Beyond the smoke and mirrors, however, there’s a lot of technique that goes into each dish. The Masto Laboo, cumin-spiced beetroot yoghurt, is topped with a beetroot foam that considerably improves the texture of this humble starter, while caviar enhances the flavour of the Masto khiar wa Naana, a cucumber and mint yoghurt.

Elsewhere, the Salad chupan, a watermelon and homemade cheese salad, is beautifully presented, topped with olive crisps, while the Kebab Versace, a tenderloin roulade stuffed with walnut and basil, is served on a little charcoal grill, its aroma filling the room.

Beetroot mousse

“It’s all about the taste, the show comes second,” Memarian says.

So how long has he spent in menu development? “Ooh la la! To be very honest, for these dishes, three-and-a-half years,” he says, “but I’ve been thinking about this all through my career.”

Though he hasn’t been back to Tehran in 30 years, Memarian’s biggest sources of reference are his paternal grandmother and his own mother, who despite being German, became adept at Iranian food to be able to hold her own among family and friends, he says.
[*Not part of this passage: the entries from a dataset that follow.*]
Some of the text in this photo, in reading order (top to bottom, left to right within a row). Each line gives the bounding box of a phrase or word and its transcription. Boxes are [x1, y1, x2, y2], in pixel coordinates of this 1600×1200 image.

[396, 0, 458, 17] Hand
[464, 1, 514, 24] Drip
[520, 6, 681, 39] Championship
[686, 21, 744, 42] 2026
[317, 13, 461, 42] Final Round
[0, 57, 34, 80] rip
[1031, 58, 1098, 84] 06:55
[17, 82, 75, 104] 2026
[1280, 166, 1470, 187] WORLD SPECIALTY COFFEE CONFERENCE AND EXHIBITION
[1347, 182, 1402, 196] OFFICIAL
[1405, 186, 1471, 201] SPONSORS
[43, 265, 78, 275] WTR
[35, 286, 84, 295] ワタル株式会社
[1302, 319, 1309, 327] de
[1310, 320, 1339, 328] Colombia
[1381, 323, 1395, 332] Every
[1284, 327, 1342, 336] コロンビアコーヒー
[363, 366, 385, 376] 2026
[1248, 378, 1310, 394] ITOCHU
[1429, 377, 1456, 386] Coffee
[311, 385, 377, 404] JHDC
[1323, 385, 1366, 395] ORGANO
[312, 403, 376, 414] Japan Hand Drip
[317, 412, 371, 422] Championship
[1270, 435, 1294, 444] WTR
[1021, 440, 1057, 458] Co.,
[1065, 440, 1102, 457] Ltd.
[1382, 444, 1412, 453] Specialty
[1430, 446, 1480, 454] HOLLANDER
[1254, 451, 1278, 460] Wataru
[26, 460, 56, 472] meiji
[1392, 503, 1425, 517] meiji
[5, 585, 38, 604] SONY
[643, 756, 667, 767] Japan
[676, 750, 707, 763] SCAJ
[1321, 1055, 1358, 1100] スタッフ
“I still call my mum and ask her for recipes instead of looking at cookbooks or the internet,” he tells me, explaining how he used his mother’s recipe for Tas kebab, a slow-cooked beef and vegetable stew, as a starting point for his own version of the dish, a tiny glass pan of meat cubes cooked sous vide and then topped with baby vegetables. “I cook it with different cuts of meat and use professional techniques to improve the flavours while keeping the essence the same.”
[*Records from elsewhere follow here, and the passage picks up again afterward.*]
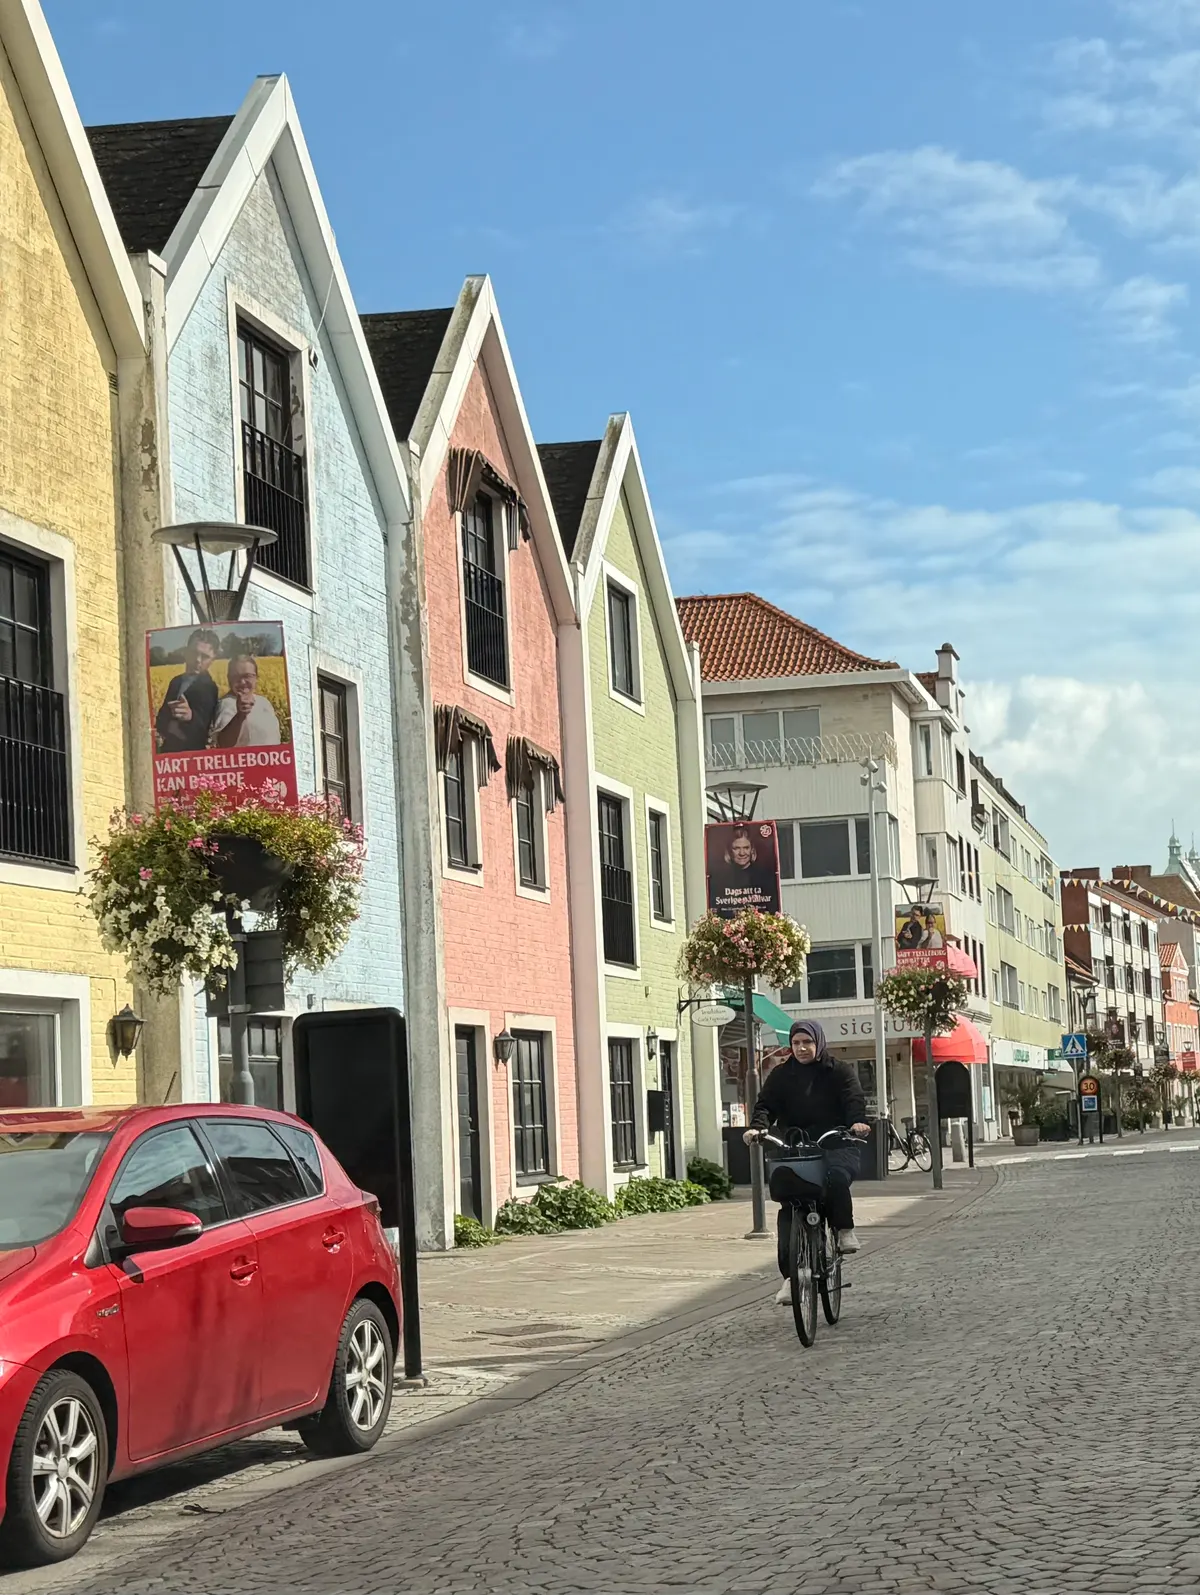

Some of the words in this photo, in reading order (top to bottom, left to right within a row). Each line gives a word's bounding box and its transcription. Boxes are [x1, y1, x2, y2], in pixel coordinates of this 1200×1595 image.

[155, 757, 191, 774] VÅRT
[193, 750, 292, 771] TRELLEBORG
[156, 775, 186, 792] KAN
[188, 771, 245, 790] BTTRE
[724, 887, 742, 897] Dags
[715, 895, 741, 905] Sverige
[1083, 1082, 1095, 1091] 30
Despite his training, he says, he still believes her version of Kuku sabzi, a brunch-ready herby frittata, is better than his own. “When I cook, I want to achieve this taste that I remember as a child. Even for the tahdig, I started with my mum’s recipe.”

A man who almost didn’t become a chef

Mansour Memarian agrees that growing up abroad shaped his approach to Iranian food. “I needed the world view, I’d never have been able to do this without it,” says the Executive Chef at the Palazzo Versace Dubai. Of course, it’s fitting that he should be doing so in the UAE.
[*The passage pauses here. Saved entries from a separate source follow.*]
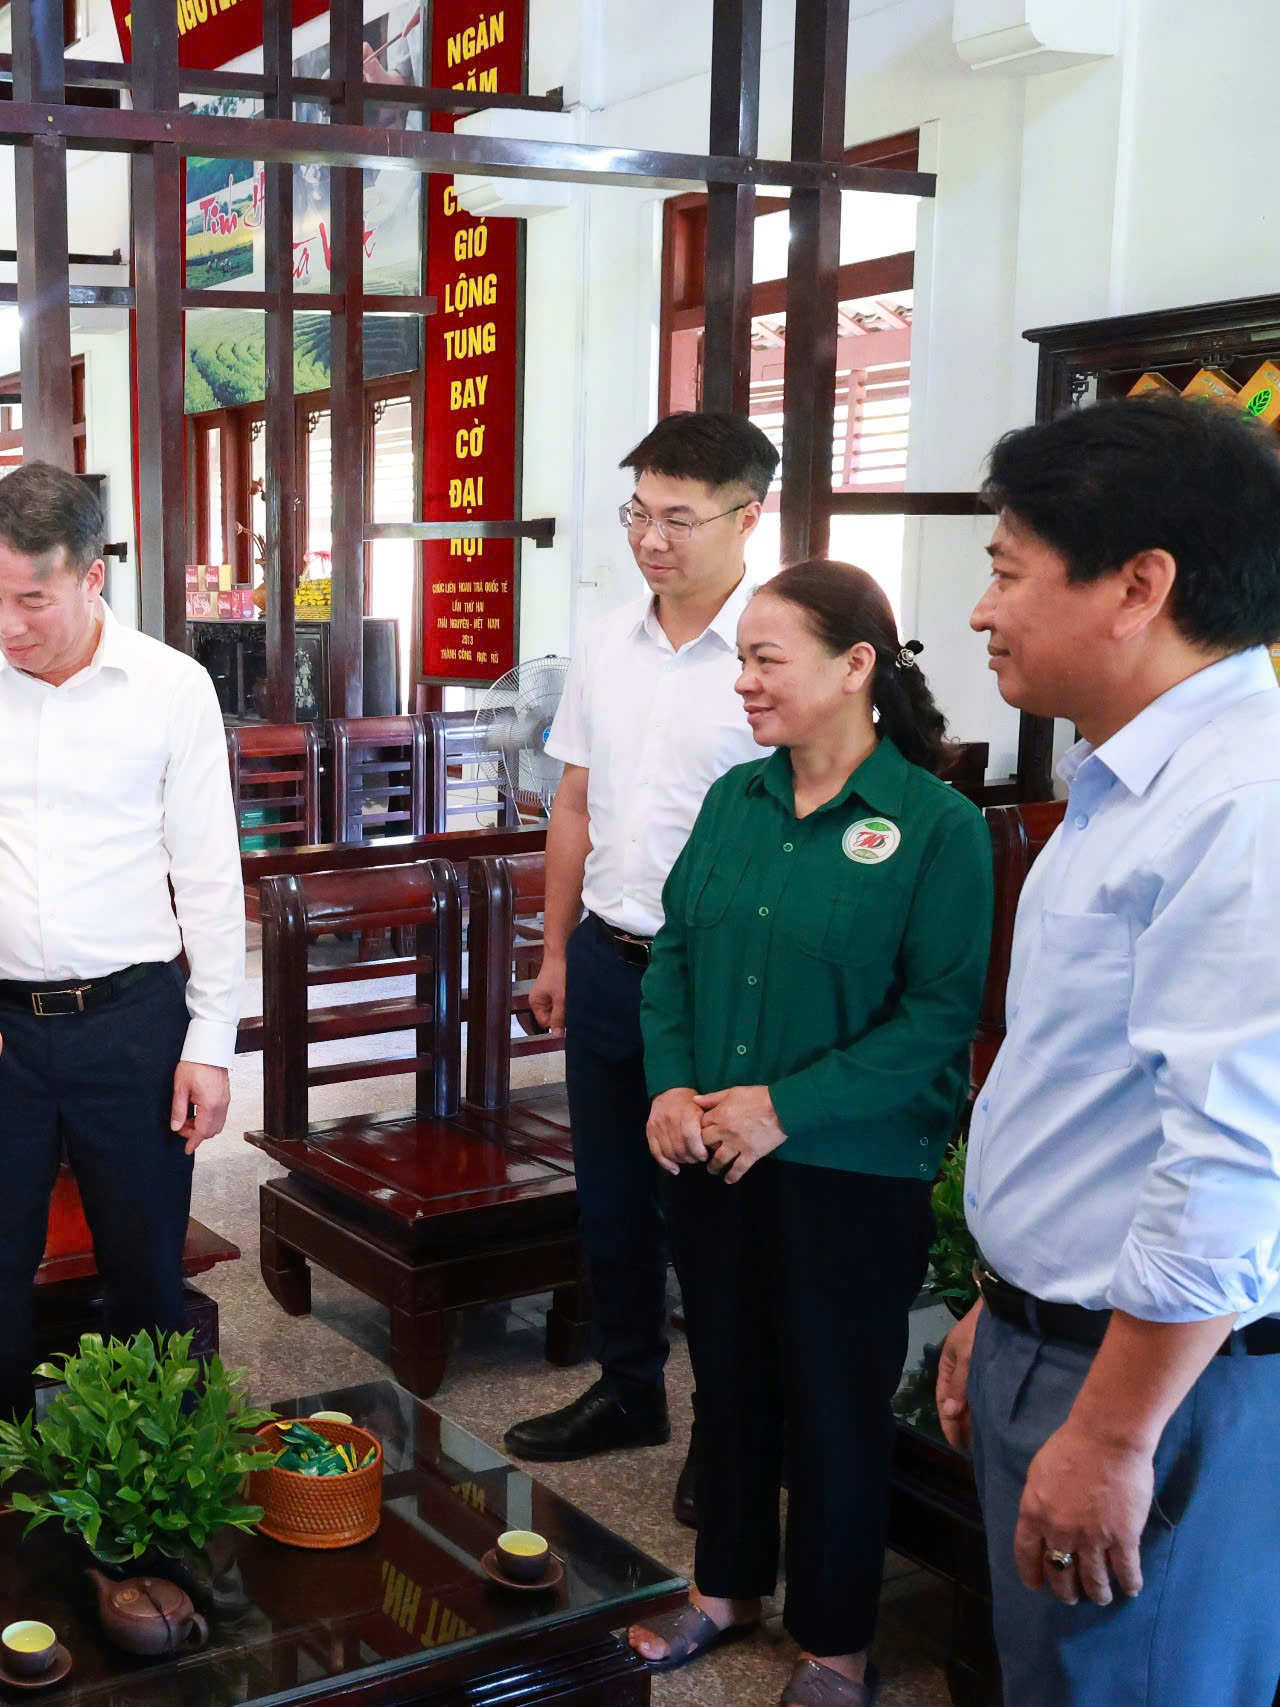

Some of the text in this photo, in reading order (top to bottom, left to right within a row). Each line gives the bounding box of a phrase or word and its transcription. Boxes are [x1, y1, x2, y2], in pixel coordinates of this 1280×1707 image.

[447, 11, 504, 68] NGÀN
[454, 217, 488, 262] GIÓ
[444, 273, 497, 318] LỘNG
[444, 322, 496, 361] TUNG
[450, 375, 488, 411] BAY
[456, 418, 486, 459] CỜ
[449, 476, 484, 514] ĐẠI
[459, 582, 472, 593] HOAN
[473, 580, 483, 593] TRÀ
[485, 578, 499, 593] QUỐC
[462, 634, 474, 646] 2013
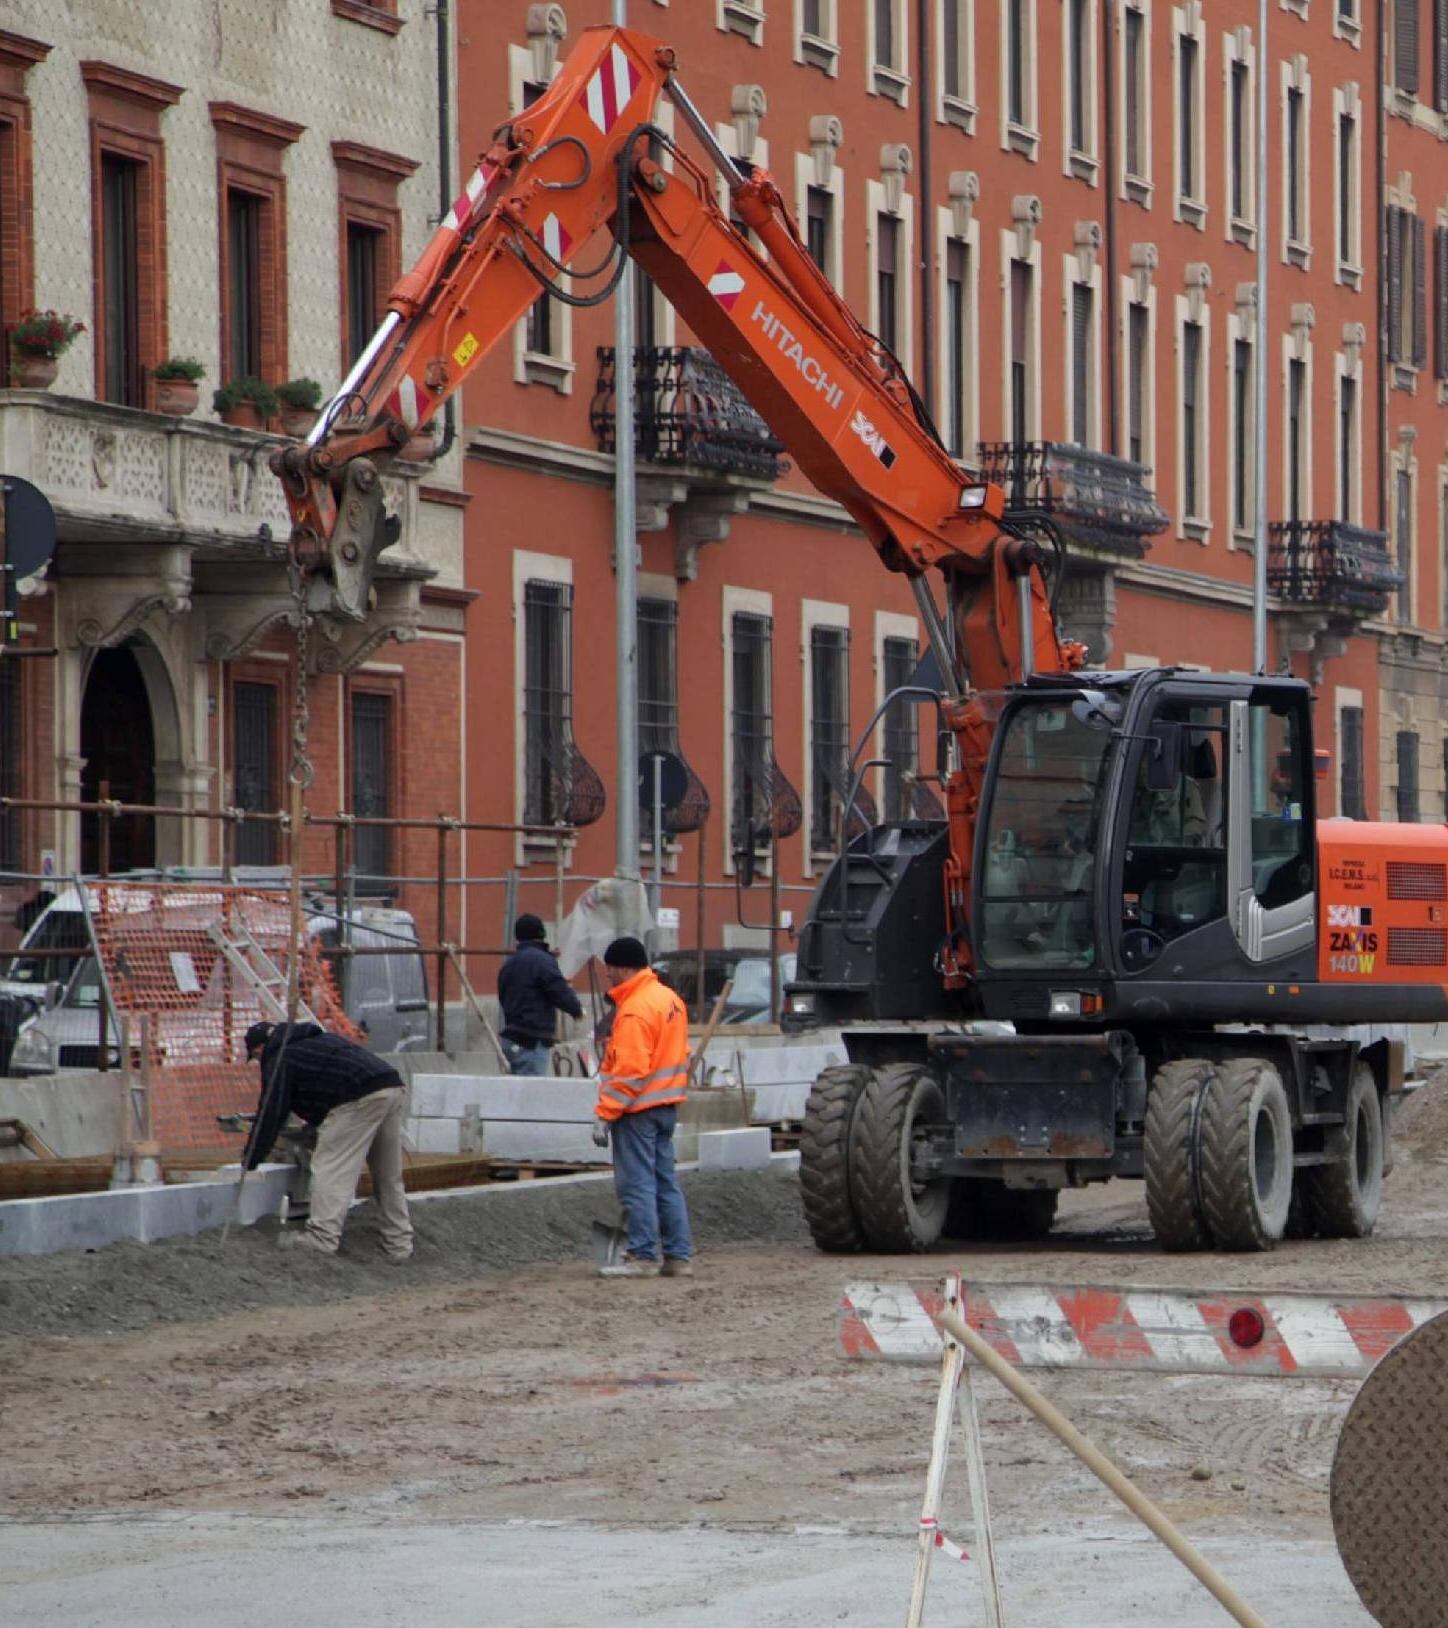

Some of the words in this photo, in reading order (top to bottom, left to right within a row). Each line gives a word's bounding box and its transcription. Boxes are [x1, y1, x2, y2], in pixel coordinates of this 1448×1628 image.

[752, 301, 845, 410] HITACHI
[1330, 930, 1377, 952] ZAXIS
[1329, 954, 1375, 974] 140W
Born in Tehran to an Iranian father and a German mother, Memarian is one of a handful of chefs refashioning Middle Eastern food for today’s diners. Yet, he respects his heritage — his Seer torshi, an aged, pickled garlic, is as close to the real thing as you’d expect.

Appointed in August, he’s spent over 20 years at some of the world’s best restaurants. He earned his first Michelin star in 2006, at Ars Vivendi of the Relais & Chateaux Jagdhof Glashütte in Bad Laasphe, Germany, following that up with another at Pavillon in Innsbruck, Austria, which also earned a Michelin star and two toques from the Gault Millau guide, and where he wrote the German cookbook Gourmet Raffinessen. He’s also held executive positions at the Shangri-La Hotel, Qaryat Al Beri, Abu Dhabi and the Chedi Andermatt in Switzerland. An earlier stint in Dubai was as Chef de Cuisine of the Burj Al Arab’s signature restaurant, Al Mahara.

But Memarian almost didn’t become a chef. “It’s not easily accepted in Iranian culture to be a chef,” he says. So he studied maths for two-and-a-half years before giving it up to pursue a hobby he has loved as a child. “My family were not happy, I was not very beloved. But now of course, they’re very proud.”


Kuku Sabzi Palazzo

Persian herbs frittata with barberries, candied walnuts and yoghurt. Serves 10 portions.


  • 400g spinach
  • 200g fresh parsley
  • 200g fresh mint
  • 200g fresh coriander
  • 100g fresh dill
  • 40g fresh tarragon
  • 80g lettuce
  • 100g spring onion
  • 10g flour
  • 4 whole fresh eggs
  • 8g baking powder
  • 30ml corn oil
  • 150g dried barberries
  • 60g walnuts
  • 50g yoghurt
  • Edible silver leaves, to garnish



  1. Wash all the fresh herbs, dry well and set aside.
  2. Julienne them.
  3. Roast the walnuts 10 minutes at 150 degrees C, then dice.
  4. Soak the barberries in warm water for 20 minutes.
  5. Mix all the herbs, flour, eggs, baking powder, oil, barberries and walnuts together in a mixing bowl.
  6. Heat a nonstick pan and pour the mixture in.
  7. Cook one side then turn for the other side to cook.
  8. Leave to rest for 10 minutes.
  9. Decorate with whole roasted walnuts, edible silver leaves, yoghurt and fresh herbs.